National DNA Day is a day designated by the National Human Genome Research Institute [https://www.genome.gov/] to commemorate the completion of the Human Genome Project in April 2003 and the discovery of DNA’s double helix in 1953. Dr. James Watson and Dr. Francis Crick, working alongside Dr. Rosalind Franklin, were awarded the Nobel Prize in Physiology and Medicine in 1962 for their discovery of the structure of DNA. Figuring out how DNA was structured allowed scientists to begin decoding DNA molecules and laid the foundation for the Human Genome Project – a multi-nation collaborative scientific research project to determine the sequence human DNA and to identify and map all of the genes of the human genome completed in 2003.
Both of these huge accomplishments paved the road for DNA testing as we know it today. Understanding the structure of DNA and knowing more about how genes cause inherited disease led to advances in DNA testing such as newborn screening and carrier screening. Today, both of these DNA tests are widely used to ensure the health of infants everywhere.

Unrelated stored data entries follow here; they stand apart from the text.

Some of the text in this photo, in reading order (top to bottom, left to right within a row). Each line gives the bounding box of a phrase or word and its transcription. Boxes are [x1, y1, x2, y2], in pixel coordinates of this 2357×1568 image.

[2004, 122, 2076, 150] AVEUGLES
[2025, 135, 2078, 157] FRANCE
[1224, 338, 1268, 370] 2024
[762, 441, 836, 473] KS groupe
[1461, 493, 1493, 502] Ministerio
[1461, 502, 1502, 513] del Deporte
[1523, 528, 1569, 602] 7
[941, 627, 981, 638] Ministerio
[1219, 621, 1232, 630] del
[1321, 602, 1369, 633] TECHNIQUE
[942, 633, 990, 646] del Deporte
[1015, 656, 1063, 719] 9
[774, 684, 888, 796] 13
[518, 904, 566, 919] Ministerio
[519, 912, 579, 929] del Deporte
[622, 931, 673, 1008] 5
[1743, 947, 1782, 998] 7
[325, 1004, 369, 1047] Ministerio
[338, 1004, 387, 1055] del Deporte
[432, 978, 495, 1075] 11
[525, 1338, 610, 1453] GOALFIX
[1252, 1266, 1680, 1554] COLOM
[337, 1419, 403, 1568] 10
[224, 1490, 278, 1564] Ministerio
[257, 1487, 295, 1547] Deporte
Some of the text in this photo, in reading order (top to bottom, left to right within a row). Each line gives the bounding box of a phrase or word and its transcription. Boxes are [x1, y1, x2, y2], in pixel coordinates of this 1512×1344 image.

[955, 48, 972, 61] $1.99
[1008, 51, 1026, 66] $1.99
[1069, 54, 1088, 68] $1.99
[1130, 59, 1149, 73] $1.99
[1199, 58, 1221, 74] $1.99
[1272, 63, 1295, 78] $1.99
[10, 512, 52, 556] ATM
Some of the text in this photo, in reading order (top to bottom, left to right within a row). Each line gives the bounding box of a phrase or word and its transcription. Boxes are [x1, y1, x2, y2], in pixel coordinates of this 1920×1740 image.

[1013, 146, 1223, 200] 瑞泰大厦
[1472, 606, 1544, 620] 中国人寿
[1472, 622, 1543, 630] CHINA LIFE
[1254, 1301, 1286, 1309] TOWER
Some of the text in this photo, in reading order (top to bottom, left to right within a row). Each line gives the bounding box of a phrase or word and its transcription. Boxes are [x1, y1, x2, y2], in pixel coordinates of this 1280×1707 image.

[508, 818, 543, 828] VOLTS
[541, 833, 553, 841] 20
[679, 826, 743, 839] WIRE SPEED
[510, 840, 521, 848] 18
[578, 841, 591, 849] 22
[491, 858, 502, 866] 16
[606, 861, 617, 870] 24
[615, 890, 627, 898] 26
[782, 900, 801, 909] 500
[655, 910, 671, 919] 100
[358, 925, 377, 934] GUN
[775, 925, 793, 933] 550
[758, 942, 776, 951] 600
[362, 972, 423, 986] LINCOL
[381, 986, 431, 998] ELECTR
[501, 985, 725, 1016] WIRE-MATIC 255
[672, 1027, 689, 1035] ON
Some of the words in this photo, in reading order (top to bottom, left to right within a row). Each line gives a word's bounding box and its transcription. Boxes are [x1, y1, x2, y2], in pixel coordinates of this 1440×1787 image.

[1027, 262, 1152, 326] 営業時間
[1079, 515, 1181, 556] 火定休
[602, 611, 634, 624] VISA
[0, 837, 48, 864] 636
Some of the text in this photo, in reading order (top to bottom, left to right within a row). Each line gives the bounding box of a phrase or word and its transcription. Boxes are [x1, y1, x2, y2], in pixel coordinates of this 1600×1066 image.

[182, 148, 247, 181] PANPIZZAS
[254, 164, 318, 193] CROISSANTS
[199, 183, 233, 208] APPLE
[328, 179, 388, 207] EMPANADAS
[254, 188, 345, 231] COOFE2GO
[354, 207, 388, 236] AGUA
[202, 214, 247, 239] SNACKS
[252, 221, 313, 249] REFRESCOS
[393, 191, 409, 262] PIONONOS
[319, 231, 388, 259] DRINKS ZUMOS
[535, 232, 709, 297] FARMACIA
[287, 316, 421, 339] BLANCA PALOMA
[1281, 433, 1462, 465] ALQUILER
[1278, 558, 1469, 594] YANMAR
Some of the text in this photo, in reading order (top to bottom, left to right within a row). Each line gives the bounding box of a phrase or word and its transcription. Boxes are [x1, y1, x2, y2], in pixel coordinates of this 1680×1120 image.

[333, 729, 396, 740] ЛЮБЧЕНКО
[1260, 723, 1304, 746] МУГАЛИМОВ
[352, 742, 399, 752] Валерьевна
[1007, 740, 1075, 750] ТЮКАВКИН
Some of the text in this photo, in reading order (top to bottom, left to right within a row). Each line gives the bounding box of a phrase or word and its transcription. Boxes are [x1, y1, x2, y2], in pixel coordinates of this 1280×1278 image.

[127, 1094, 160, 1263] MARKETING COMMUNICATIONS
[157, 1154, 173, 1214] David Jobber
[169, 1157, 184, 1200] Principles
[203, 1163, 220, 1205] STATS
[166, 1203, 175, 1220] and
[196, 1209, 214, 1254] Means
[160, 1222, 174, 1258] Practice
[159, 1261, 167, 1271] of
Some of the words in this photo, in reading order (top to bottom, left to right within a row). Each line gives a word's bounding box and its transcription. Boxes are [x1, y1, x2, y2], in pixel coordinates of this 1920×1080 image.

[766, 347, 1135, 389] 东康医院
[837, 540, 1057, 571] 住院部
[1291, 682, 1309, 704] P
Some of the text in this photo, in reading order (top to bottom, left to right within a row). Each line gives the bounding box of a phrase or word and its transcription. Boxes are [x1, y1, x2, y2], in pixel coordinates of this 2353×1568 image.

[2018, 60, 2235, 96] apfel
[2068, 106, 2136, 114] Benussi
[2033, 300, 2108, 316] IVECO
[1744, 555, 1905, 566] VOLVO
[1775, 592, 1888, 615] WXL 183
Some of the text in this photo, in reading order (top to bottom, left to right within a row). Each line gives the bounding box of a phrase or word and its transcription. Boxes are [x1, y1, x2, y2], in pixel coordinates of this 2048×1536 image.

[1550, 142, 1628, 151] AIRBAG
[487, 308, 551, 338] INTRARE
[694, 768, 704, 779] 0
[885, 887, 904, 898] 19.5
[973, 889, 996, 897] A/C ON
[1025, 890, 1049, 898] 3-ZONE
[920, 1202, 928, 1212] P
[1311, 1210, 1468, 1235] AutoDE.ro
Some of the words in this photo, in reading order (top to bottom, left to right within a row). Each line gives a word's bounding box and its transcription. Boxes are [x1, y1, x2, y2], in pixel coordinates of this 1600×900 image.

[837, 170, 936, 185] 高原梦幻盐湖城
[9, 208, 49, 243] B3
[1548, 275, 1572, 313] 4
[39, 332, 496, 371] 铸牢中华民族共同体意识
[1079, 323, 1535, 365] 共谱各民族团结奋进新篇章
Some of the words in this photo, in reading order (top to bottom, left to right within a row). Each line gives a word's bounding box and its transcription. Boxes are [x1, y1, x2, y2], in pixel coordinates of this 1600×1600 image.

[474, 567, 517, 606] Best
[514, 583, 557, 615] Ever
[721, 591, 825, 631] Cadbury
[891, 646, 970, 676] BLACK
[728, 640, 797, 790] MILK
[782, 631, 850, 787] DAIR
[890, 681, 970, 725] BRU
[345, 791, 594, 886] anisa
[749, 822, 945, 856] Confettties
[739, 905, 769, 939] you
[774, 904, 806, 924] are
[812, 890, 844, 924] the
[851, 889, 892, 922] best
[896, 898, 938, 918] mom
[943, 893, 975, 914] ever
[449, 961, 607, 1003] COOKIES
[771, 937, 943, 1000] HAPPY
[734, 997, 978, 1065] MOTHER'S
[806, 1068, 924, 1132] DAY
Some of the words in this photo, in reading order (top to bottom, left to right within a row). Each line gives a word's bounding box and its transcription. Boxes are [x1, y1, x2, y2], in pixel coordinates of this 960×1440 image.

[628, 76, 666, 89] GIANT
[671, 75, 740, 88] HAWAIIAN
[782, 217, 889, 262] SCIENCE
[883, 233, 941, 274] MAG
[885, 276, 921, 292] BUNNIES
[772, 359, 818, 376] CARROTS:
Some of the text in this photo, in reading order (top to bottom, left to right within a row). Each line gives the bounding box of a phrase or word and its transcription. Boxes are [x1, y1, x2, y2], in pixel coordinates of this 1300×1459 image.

You can celebrate National DNA day by learning more about these two huge scientific accomplishments and some of the discoveries that preceded them. This cool interactive website of genetic discoveries lets you walk through the history of DNA. [https://unlockinglifescode.org/timeline?tid=4 ]. Another site, From the Blueprint to You [https://www.genome.gov/12511466/from-the-blueprint-to-you/ ] explores the world of genetics, DNA and the future of genomics.
So have fun exploring DNA history on National DNA day.